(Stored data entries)
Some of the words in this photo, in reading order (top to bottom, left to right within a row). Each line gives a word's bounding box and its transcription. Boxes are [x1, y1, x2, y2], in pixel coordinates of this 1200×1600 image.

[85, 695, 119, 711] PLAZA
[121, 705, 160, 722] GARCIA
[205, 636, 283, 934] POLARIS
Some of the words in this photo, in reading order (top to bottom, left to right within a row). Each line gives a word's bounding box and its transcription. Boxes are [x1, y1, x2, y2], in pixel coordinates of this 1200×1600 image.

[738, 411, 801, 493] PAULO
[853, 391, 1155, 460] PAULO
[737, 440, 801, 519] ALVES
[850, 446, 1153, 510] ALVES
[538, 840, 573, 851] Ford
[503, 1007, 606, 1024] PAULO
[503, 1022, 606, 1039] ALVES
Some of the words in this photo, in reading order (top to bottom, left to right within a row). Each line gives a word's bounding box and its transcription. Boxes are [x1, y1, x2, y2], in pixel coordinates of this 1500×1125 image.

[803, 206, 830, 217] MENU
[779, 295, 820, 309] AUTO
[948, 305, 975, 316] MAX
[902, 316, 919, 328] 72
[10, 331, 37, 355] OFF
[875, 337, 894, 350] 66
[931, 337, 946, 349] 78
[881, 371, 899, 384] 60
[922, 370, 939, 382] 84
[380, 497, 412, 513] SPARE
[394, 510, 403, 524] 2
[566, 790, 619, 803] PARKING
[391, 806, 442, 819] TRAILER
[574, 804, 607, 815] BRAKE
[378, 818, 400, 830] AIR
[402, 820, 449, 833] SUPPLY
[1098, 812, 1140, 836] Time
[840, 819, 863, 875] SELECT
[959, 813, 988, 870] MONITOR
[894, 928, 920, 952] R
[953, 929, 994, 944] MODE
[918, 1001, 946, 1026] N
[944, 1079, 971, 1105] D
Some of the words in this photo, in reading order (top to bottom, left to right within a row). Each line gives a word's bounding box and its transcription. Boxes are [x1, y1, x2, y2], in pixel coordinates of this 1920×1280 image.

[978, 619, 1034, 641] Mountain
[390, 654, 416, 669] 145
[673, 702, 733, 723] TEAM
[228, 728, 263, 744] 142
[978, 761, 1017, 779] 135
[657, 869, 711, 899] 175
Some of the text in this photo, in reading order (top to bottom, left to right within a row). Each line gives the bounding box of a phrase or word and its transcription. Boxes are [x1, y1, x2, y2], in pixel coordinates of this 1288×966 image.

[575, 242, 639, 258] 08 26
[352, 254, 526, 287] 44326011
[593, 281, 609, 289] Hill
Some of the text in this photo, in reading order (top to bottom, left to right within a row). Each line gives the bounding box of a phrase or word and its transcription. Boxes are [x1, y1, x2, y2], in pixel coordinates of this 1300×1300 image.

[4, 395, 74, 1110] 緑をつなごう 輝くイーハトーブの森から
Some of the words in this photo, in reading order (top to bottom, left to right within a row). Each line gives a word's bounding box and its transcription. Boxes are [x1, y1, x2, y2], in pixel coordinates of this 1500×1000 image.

Your assignment:
Reproduce every entry, word for word.

Your solution:
Some of the words in this photo, in reading order (top to bottom, left to right within a row). Each line gives a word's bounding box and its transcription. Boxes are [x1, y1, x2, y2], in pixel coordinates of this 1200×1600 image.

[85, 695, 119, 711] PLAZA
[121, 705, 160, 722] GARCIA
[205, 636, 283, 934] POLARIS
Some of the words in this photo, in reading order (top to bottom, left to right within a row). Each line gives a word's bounding box and its transcription. Boxes are [x1, y1, x2, y2], in pixel coordinates of this 1200×1600 image.

[738, 411, 801, 493] PAULO
[853, 391, 1155, 460] PAULO
[737, 440, 801, 519] ALVES
[850, 446, 1153, 510] ALVES
[538, 840, 573, 851] Ford
[503, 1007, 606, 1024] PAULO
[503, 1022, 606, 1039] ALVES
Some of the words in this photo, in reading order (top to bottom, left to right within a row). Each line gives a word's bounding box and its transcription. Boxes are [x1, y1, x2, y2], in pixel coordinates of this 1500×1125 image.

[803, 206, 830, 217] MENU
[779, 295, 820, 309] AUTO
[948, 305, 975, 316] MAX
[902, 316, 919, 328] 72
[10, 331, 37, 355] OFF
[875, 337, 894, 350] 66
[931, 337, 946, 349] 78
[881, 371, 899, 384] 60
[922, 370, 939, 382] 84
[380, 497, 412, 513] SPARE
[394, 510, 403, 524] 2
[566, 790, 619, 803] PARKING
[391, 806, 442, 819] TRAILER
[574, 804, 607, 815] BRAKE
[378, 818, 400, 830] AIR
[402, 820, 449, 833] SUPPLY
[1098, 812, 1140, 836] Time
[840, 819, 863, 875] SELECT
[959, 813, 988, 870] MONITOR
[894, 928, 920, 952] R
[953, 929, 994, 944] MODE
[918, 1001, 946, 1026] N
[944, 1079, 971, 1105] D
Some of the words in this photo, in reading order (top to bottom, left to right within a row). Each line gives a word's bounding box and its transcription. Boxes are [x1, y1, x2, y2], in pixel coordinates of this 1920×1280 image.

[978, 619, 1034, 641] Mountain
[390, 654, 416, 669] 145
[673, 702, 733, 723] TEAM
[228, 728, 263, 744] 142
[978, 761, 1017, 779] 135
[657, 869, 711, 899] 175
Some of the text in this photo, in reading order (top to bottom, left to right within a row). Each line gives the bounding box of a phrase or word and its transcription. Boxes are [x1, y1, x2, y2], in pixel coordinates of this 1288×966 image.

[575, 242, 639, 258] 08 26
[352, 254, 526, 287] 44326011
[593, 281, 609, 289] Hill
Some of the text in this photo, in reading order (top to bottom, left to right within a row). Each line gives the bounding box of a phrase or word and its transcription. Boxes are [x1, y1, x2, y2], in pixel coordinates of this 1300×1300 image.

[4, 395, 74, 1110] 緑をつなごう 輝くイーハトーブの森から
Some of the words in this photo, in reading order (top to bottom, left to right within a row). Each line gives a word's bounding box and its transcription. Boxes are [x1, y1, x2, y2], in pixel coordinates of this 1500×1000 image.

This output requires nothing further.